Women Who Tri: A Reluctant Athlete's Journey Into the Heart of America's Newest Obsession
What would you do if half your town caught triathlon mania?
If you're like Alicia DiFabio--a minivan-driving, harried mother of four small children whose daily look features stained yoga pants, a messy ponytail, and a big diaper bag--you would shrug your shoulders and try to hold on for that after-bedtime glass of wine. It was to her utter surprise that this middle-aged, out-of-shape mother found herself on the starting line of a triathlon.
In Women Who Tri, DiFabio explores the triathlon phenomenon that has gripped her town and swept the nation.

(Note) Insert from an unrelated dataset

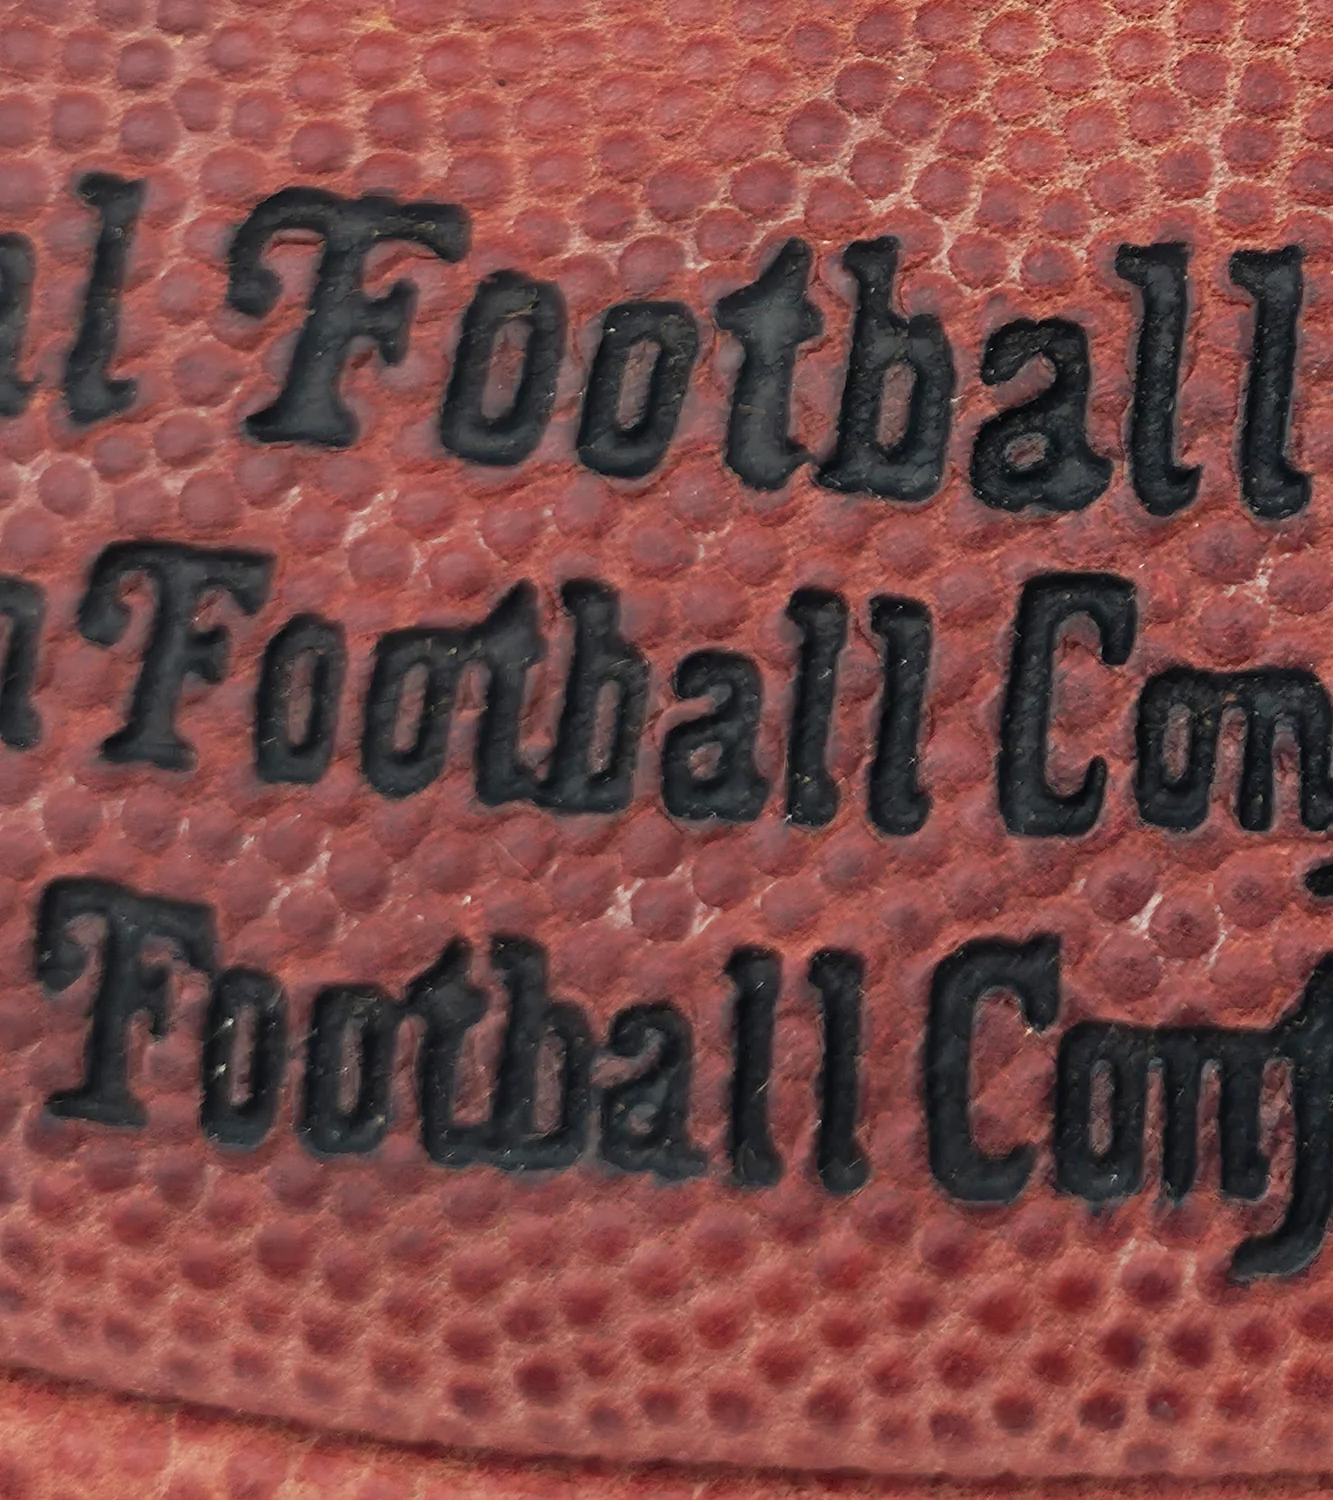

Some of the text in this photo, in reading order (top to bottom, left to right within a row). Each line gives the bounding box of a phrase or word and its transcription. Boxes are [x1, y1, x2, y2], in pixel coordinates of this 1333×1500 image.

[225, 184, 1314, 520] Football
[77, 538, 935, 838] Football
[34, 875, 871, 1197] Football

Her memoir is both inspiring and informative as it explores the popularity, psychology, subculture, and transformative power of triathlons among "ordinary" women. Set in a small New Jersey town that now hosts America's largest women-only triathlon club, Women Who Tri weaves together the insights of a psychologist, the research of a journalist, and the deep insecurities of a daunted newbie.
DiFabio shares her journey from nervous newcomer to triathlon finisher as she investigates one of the world's most challenging and inspiring sports. She profiles women who have overcome challenges to become athletes and tri for themselves and to help others. Women Who Tri will entertain, enlighten, and inspire any triathlon enthusiast, from tri-addicts to the tri-curious.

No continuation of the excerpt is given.